Collected data:
-- Opening Marker --
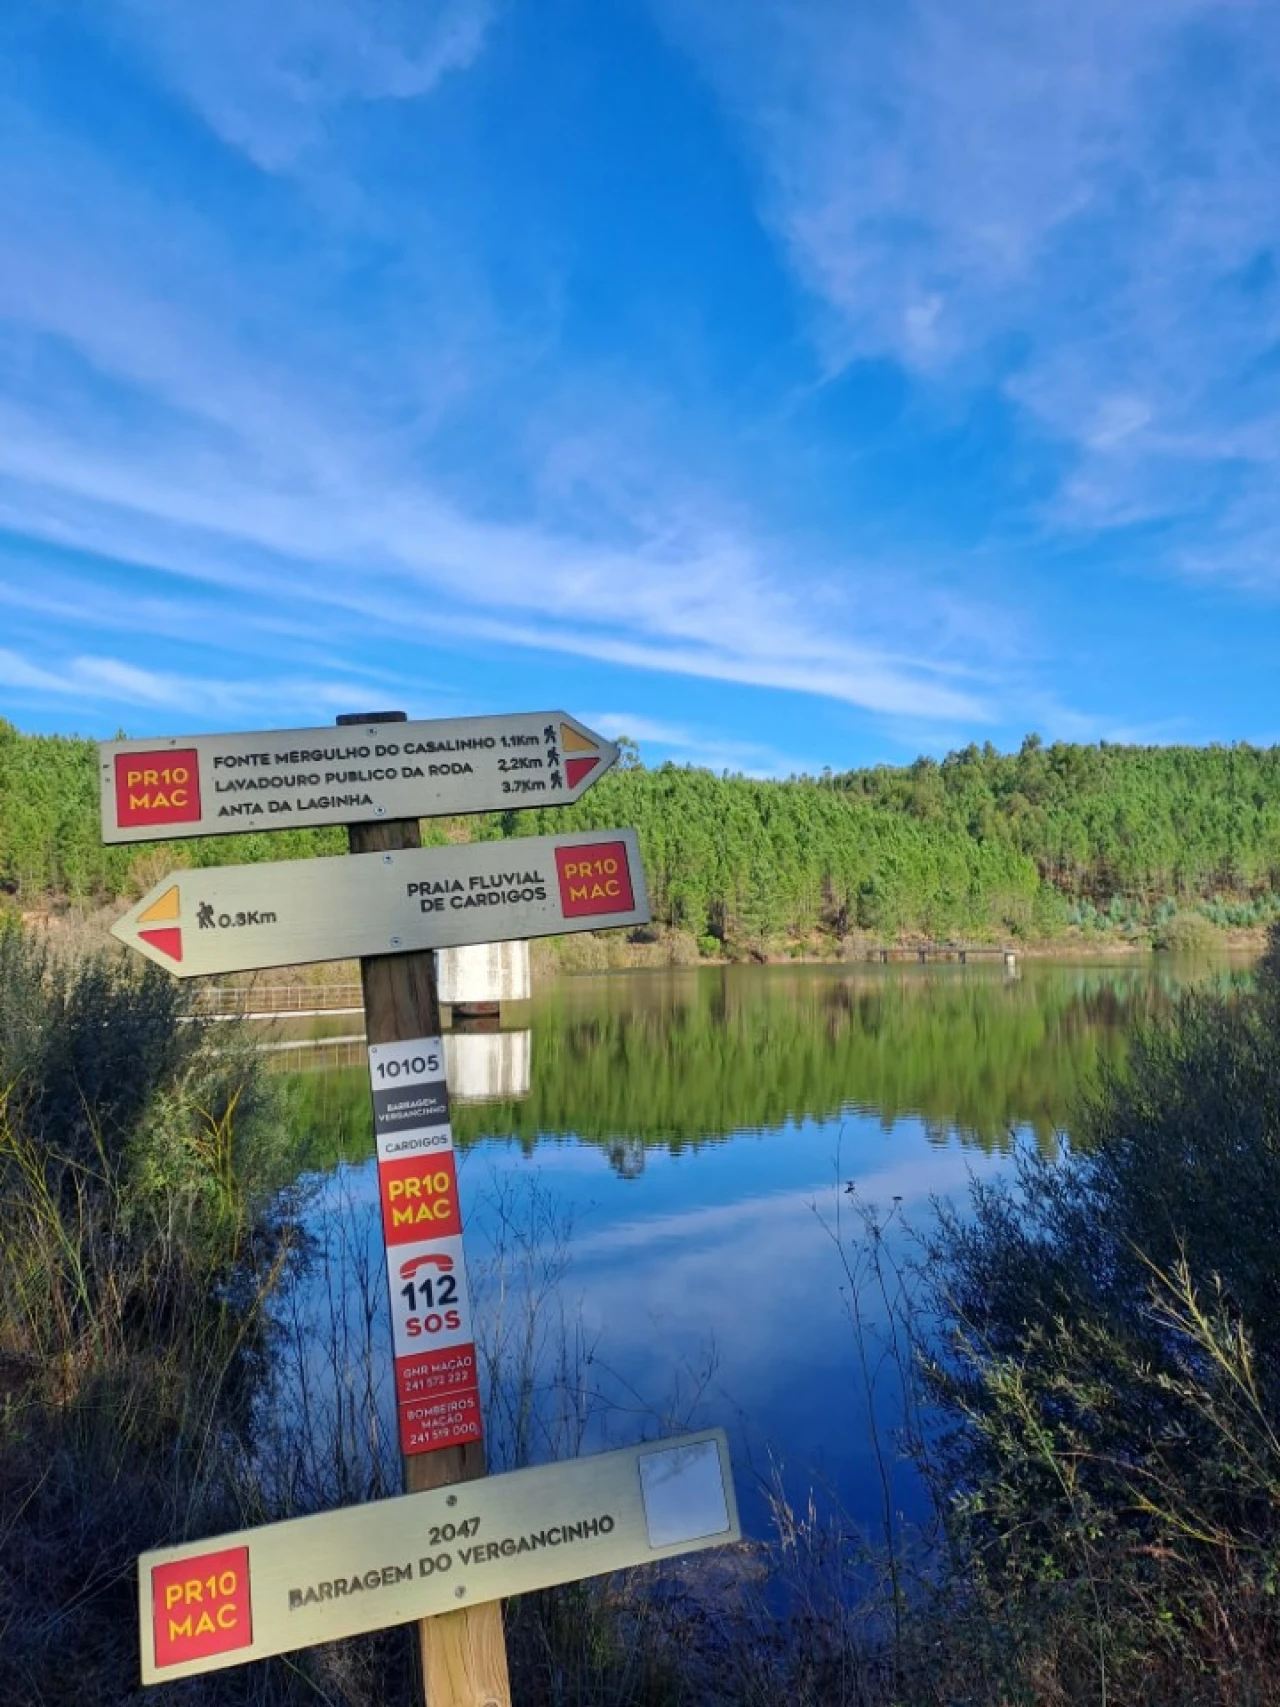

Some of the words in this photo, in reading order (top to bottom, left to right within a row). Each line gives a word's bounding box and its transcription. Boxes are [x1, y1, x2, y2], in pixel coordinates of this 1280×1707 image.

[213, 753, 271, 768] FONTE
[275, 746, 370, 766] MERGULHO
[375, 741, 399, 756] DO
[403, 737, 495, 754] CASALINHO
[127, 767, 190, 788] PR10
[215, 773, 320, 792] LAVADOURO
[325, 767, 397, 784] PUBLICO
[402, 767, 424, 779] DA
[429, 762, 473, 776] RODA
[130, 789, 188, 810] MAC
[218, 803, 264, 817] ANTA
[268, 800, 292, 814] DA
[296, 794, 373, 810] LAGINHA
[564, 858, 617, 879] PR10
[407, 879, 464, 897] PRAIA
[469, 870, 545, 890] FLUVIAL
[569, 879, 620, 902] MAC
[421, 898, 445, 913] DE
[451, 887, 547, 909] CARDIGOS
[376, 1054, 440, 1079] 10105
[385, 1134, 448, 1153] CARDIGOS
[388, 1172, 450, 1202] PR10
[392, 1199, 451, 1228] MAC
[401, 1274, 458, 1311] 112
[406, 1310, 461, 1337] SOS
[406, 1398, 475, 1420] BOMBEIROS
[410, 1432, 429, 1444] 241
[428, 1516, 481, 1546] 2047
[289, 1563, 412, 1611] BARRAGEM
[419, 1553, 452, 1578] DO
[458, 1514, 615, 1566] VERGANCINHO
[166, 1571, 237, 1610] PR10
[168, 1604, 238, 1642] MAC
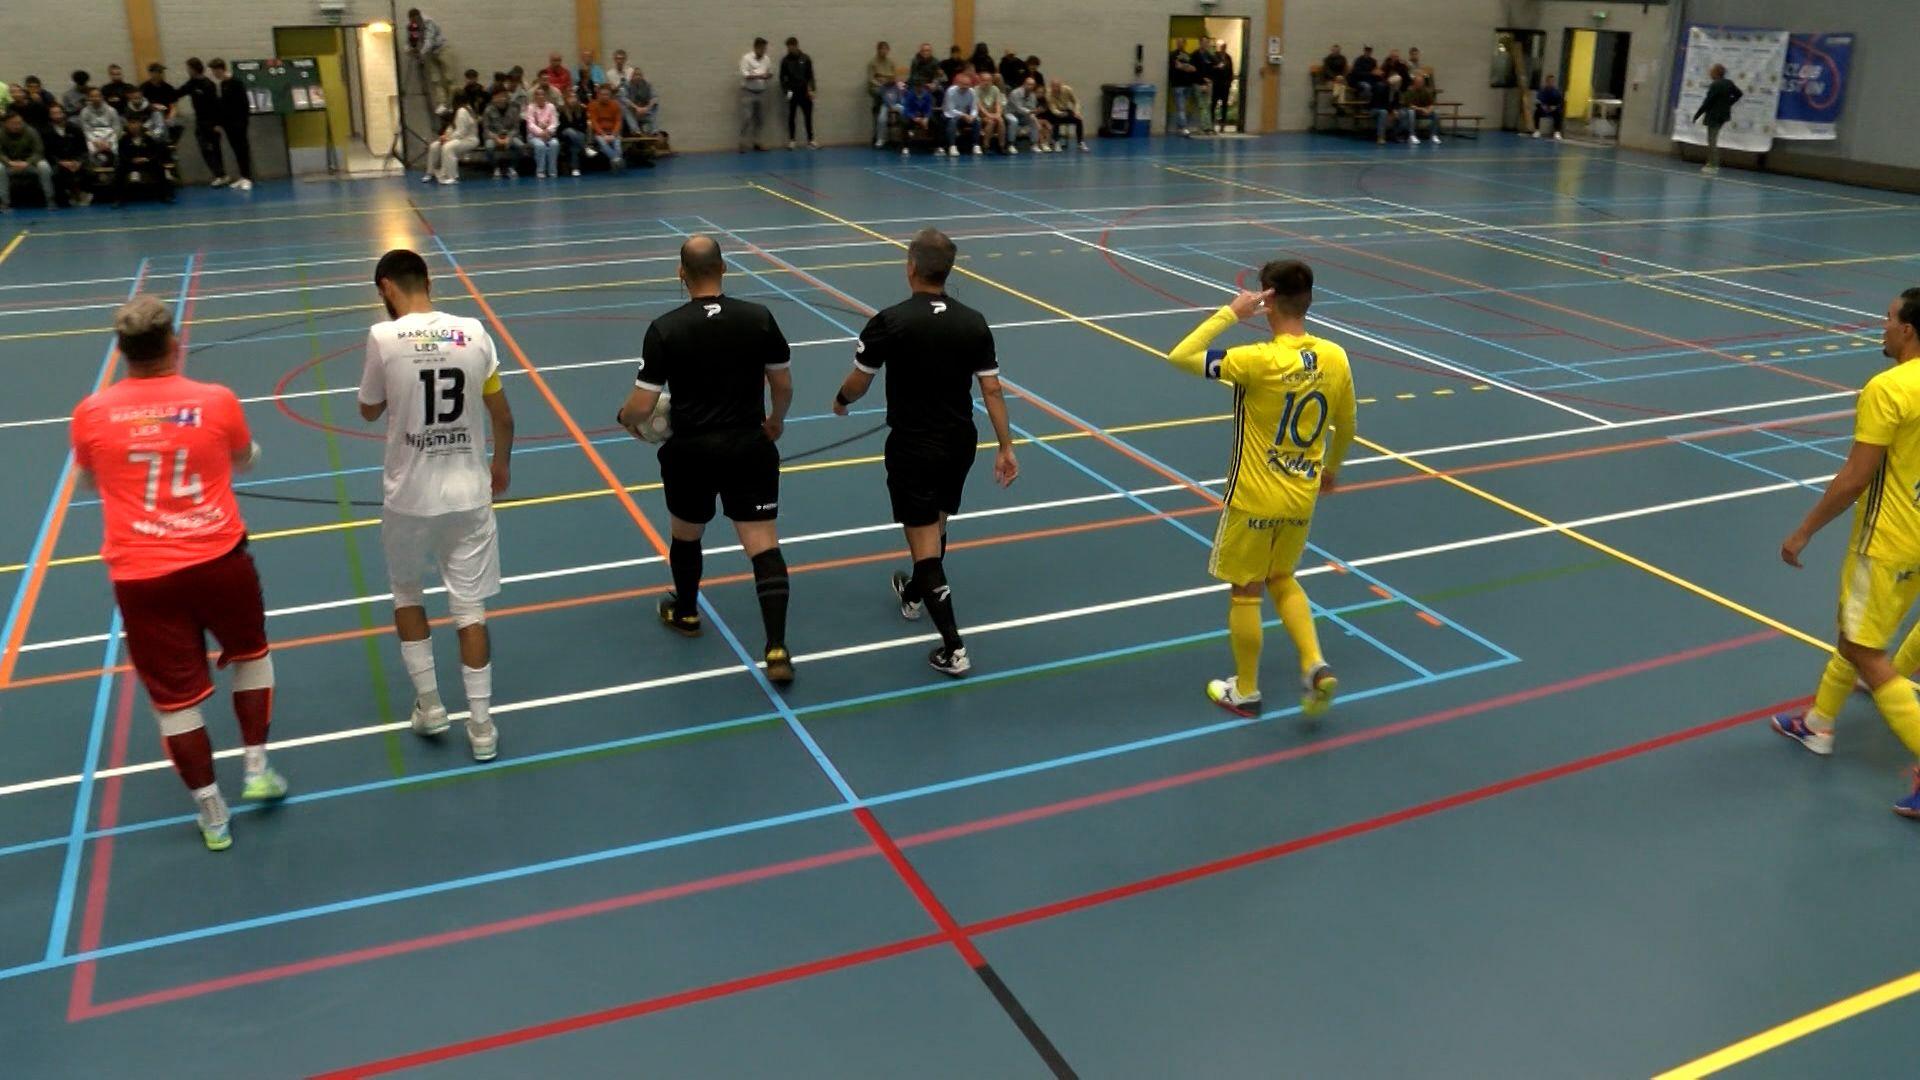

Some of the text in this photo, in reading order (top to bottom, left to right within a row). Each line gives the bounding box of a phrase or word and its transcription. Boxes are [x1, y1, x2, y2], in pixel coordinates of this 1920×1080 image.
-- Closing Marker --
▶ ABOUT THIS TASK
Set down the records exactly, without the pictures.

▶ ANSWER TO THIS PROBLEM
Some of the words in this photo, in reading order (top to bottom, left to right within a row). Each line gives a word's bounding box and its transcription. Boxes are [x1, y1, x2, y2], in pixel coordinates of this 1280×1707 image.

[213, 753, 271, 768] FONTE
[275, 746, 370, 766] MERGULHO
[375, 741, 399, 756] DO
[403, 737, 495, 754] CASALINHO
[127, 767, 190, 788] PR10
[215, 773, 320, 792] LAVADOURO
[325, 767, 397, 784] PUBLICO
[402, 767, 424, 779] DA
[429, 762, 473, 776] RODA
[130, 789, 188, 810] MAC
[218, 803, 264, 817] ANTA
[268, 800, 292, 814] DA
[296, 794, 373, 810] LAGINHA
[564, 858, 617, 879] PR10
[407, 879, 464, 897] PRAIA
[469, 870, 545, 890] FLUVIAL
[569, 879, 620, 902] MAC
[421, 898, 445, 913] DE
[451, 887, 547, 909] CARDIGOS
[376, 1054, 440, 1079] 10105
[385, 1134, 448, 1153] CARDIGOS
[388, 1172, 450, 1202] PR10
[392, 1199, 451, 1228] MAC
[401, 1274, 458, 1311] 112
[406, 1310, 461, 1337] SOS
[406, 1398, 475, 1420] BOMBEIROS
[410, 1432, 429, 1444] 241
[428, 1516, 481, 1546] 2047
[289, 1563, 412, 1611] BARRAGEM
[419, 1553, 452, 1578] DO
[458, 1514, 615, 1566] VERGANCINHO
[166, 1571, 237, 1610] PR10
[168, 1604, 238, 1642] MAC

Some of the text in this photo, in reading order (top to bottom, left to right within a row). Each line gives the bounding box of a phrase or word and its transcription. Boxes are [x1, y1, x2, y2], in pixel coordinates of this 1920×1080 image.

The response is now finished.